Green screen
Chroma keying requires colours that are very unlikely to find in the real world. It also forces the subjects in the video not to feature that colour in order to work properly. In a video game however, such a strong colour as this flourescend, bright green is more common, e.g. with Sylvari. You could lower the threshold but you would get grainy results when certain pixels are around that threshold of being “fine” (and thus removed/invisible) and out of threshold (displayed/visible).
The other colours I know is a dark and bright blue (known from old VHS recorders or satellite receivers for their on-screen display), bright pink (also available in the Sylvary palette) and, especially when on 8-bit colours, this destinctive turquoise, as seen in many games to create invisible objects or objects to look trough. The DooM and DooM II engine translated this exact, bright turqouise as invisible in the colourmap. But this turqoise might also exist in a fictional environment like this game.

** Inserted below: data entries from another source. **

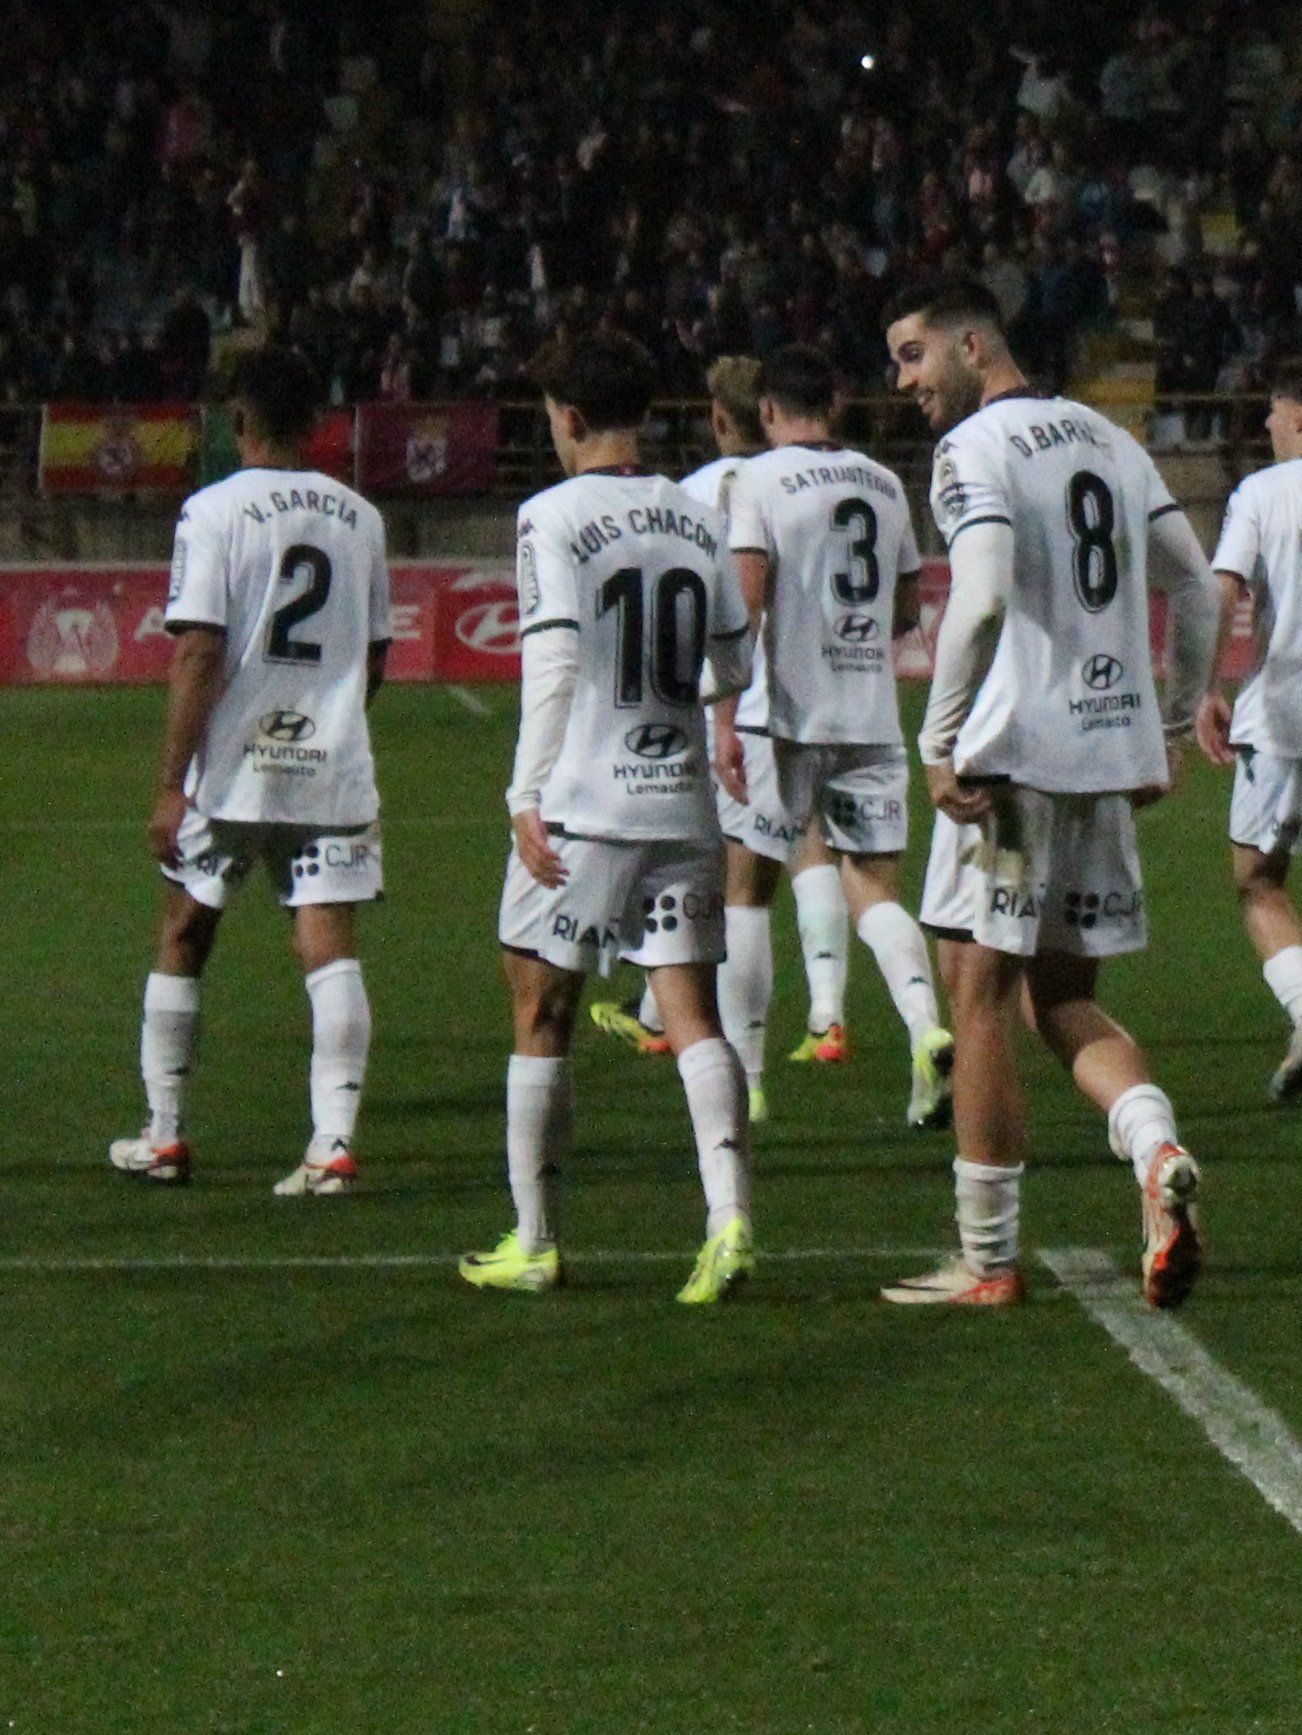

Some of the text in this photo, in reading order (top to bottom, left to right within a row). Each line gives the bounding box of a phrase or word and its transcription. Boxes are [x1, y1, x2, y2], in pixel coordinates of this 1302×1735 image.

[569, 515, 622, 564] LUIS
[831, 498, 880, 606] 3
[1066, 470, 1117, 614] 8
[262, 544, 332, 666] 2
[596, 567, 707, 709] 10
[243, 743, 327, 762] HYUNDAI

Alpha-Channel transparency in general is what you would want, which could be a achieved by a non-textured room with a high (but not too high) lighting, because e.g. Asuran eyes reflect bright light and look kinda strange then. The problem with such a room could be a Hall of Mirros effect caused by an empty framebuffer, but not sure how the engine of GW2 actually works.
Sometimes I wish we had such a feature, too. When I see my (kitten it, I have to say it) cute Asura in the cutscenes (which feature the green screen you mention) it so adorable but I never can do that in the actual game… The problem there would be the name of such a feature and why it would exist at all.
and politically highly incorrect. (#Asuracist)
“We [Asura] are the concentrated magnificence!”